[Collected data]
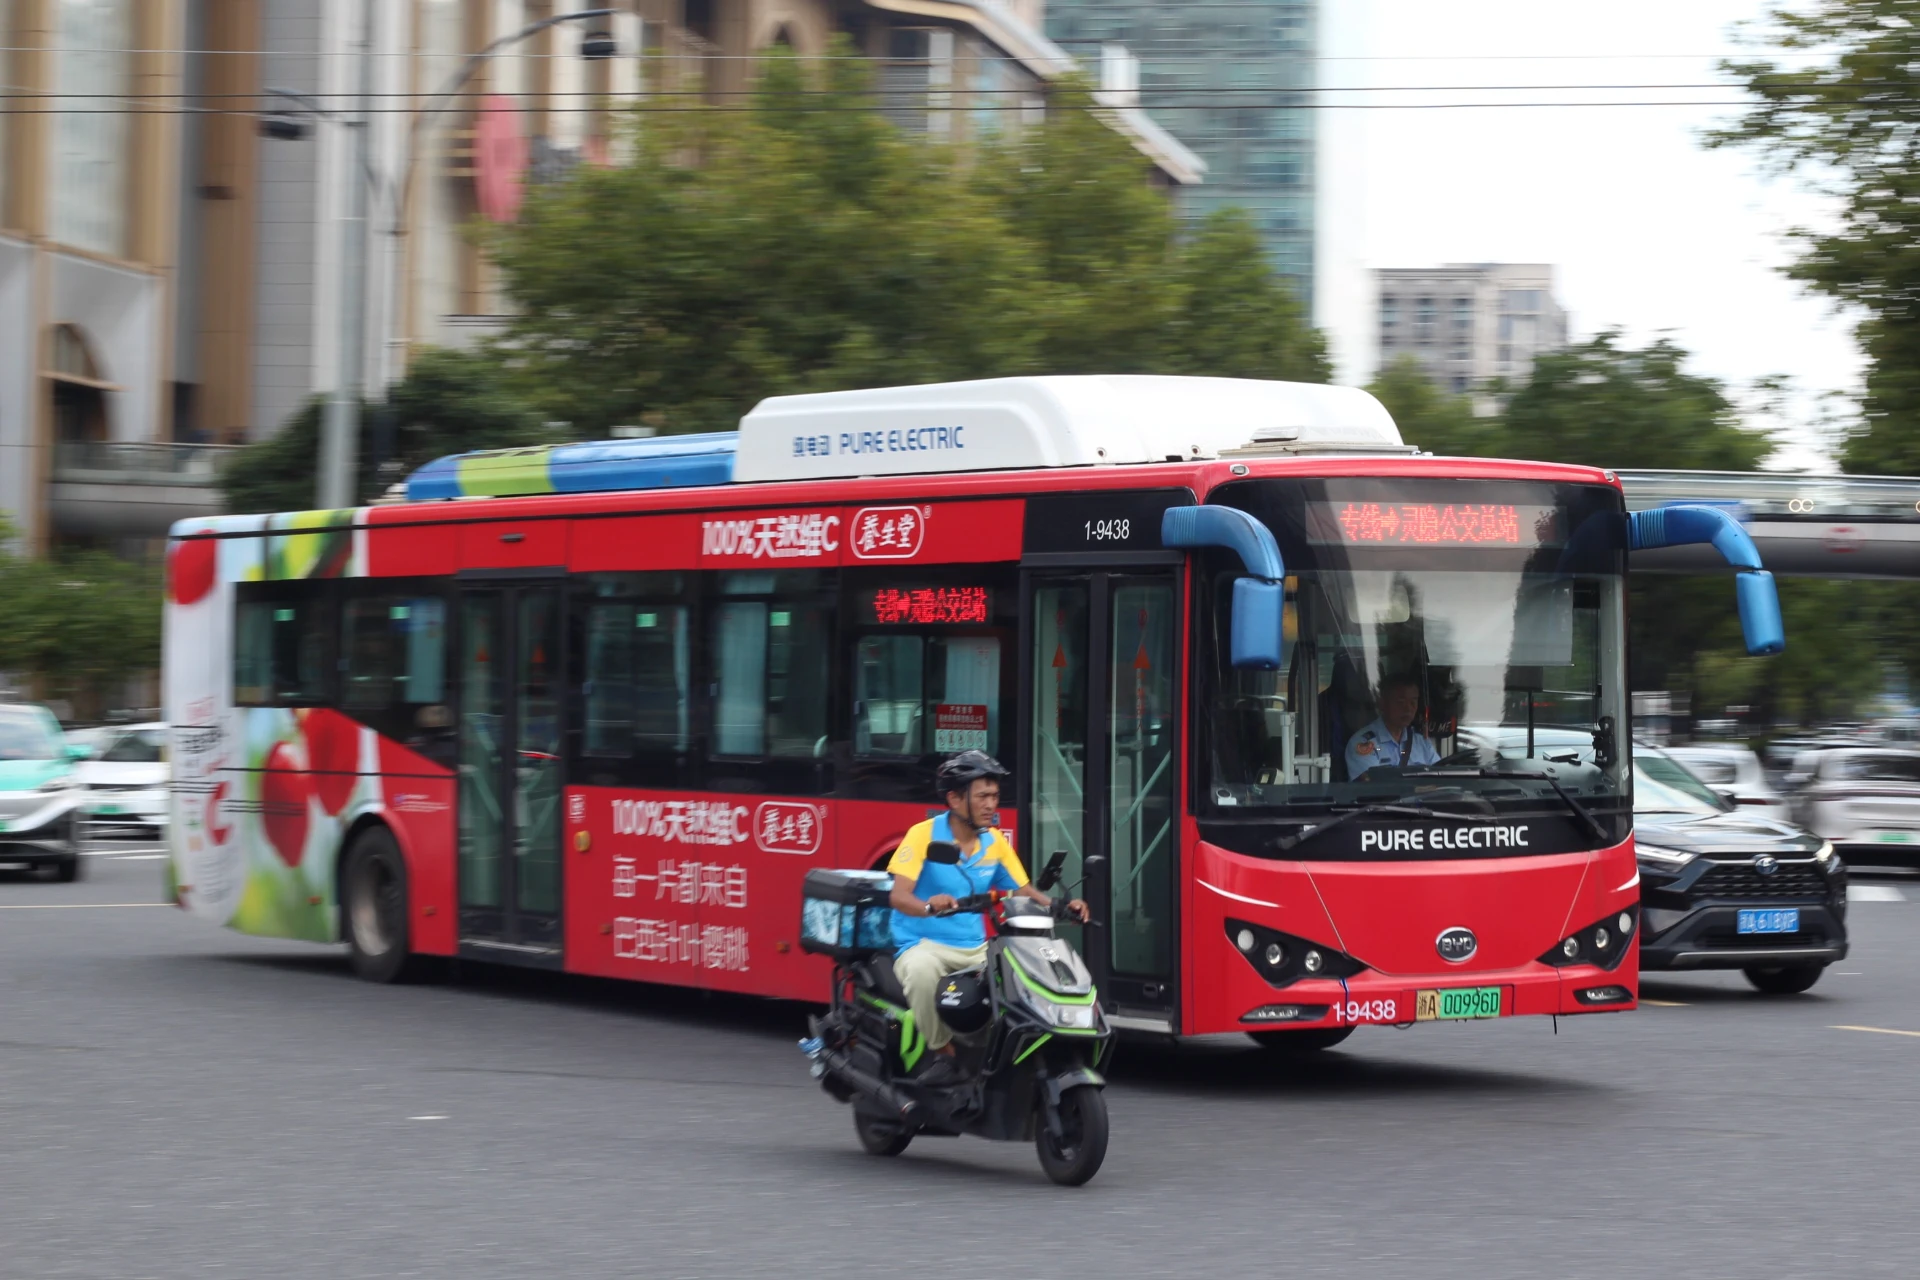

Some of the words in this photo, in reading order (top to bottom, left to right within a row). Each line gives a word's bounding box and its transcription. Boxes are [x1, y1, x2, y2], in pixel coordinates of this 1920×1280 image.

[840, 432, 884, 455] PURE
[888, 426, 964, 452] ELECTRIC
[1084, 519, 1129, 541] 1-9438
[1361, 829, 1424, 852] PURE
[1429, 825, 1529, 849] ELECTRIC
[1442, 937, 1473, 952] BYD
[1332, 999, 1396, 1022] 1-9438
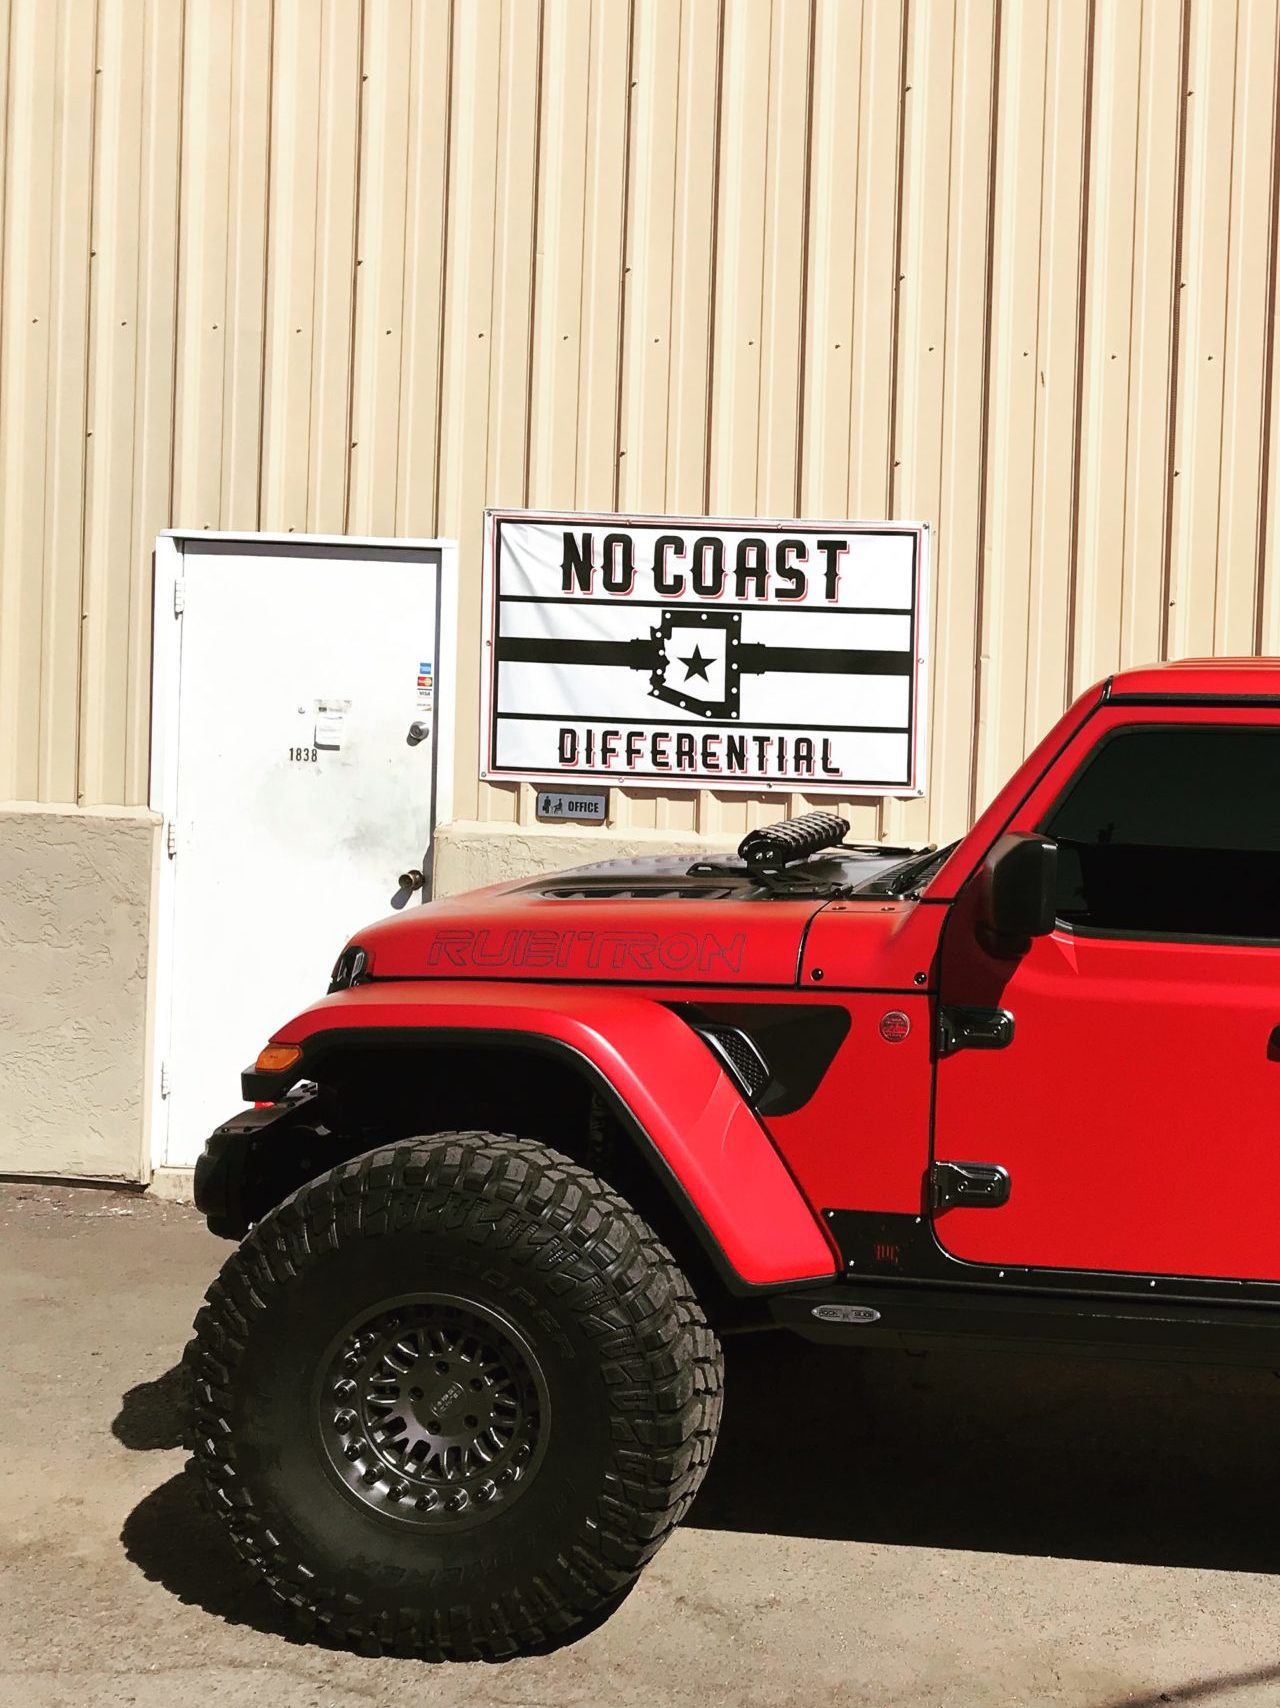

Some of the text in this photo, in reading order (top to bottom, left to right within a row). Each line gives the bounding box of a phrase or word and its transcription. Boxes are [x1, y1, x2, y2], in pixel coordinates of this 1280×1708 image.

▸ WORK ORDER: Your answer must contain the full data, repeated exactly, without pictures.

▸ SOLUTION BELOW:
Some of the words in this photo, in reading order (top to bottom, left to right within a row). Each line gives a word's bounding box and its transcription. Boxes are [x1, y1, x2, y2], in pixel coordinates of this 1920×1280 image.

[840, 432, 884, 455] PURE
[888, 426, 964, 452] ELECTRIC
[1084, 519, 1129, 541] 1-9438
[1361, 829, 1424, 852] PURE
[1429, 825, 1529, 849] ELECTRIC
[1442, 937, 1473, 952] BYD
[1332, 999, 1396, 1022] 1-9438

Some of the text in this photo, in reading order (top to bottom, left to right within a row). Each line gives the bounding box of a phrase or word and its transcription. Boxes are [x1, y1, x2, y2], in pixel coordinates of this 1280×1708 image.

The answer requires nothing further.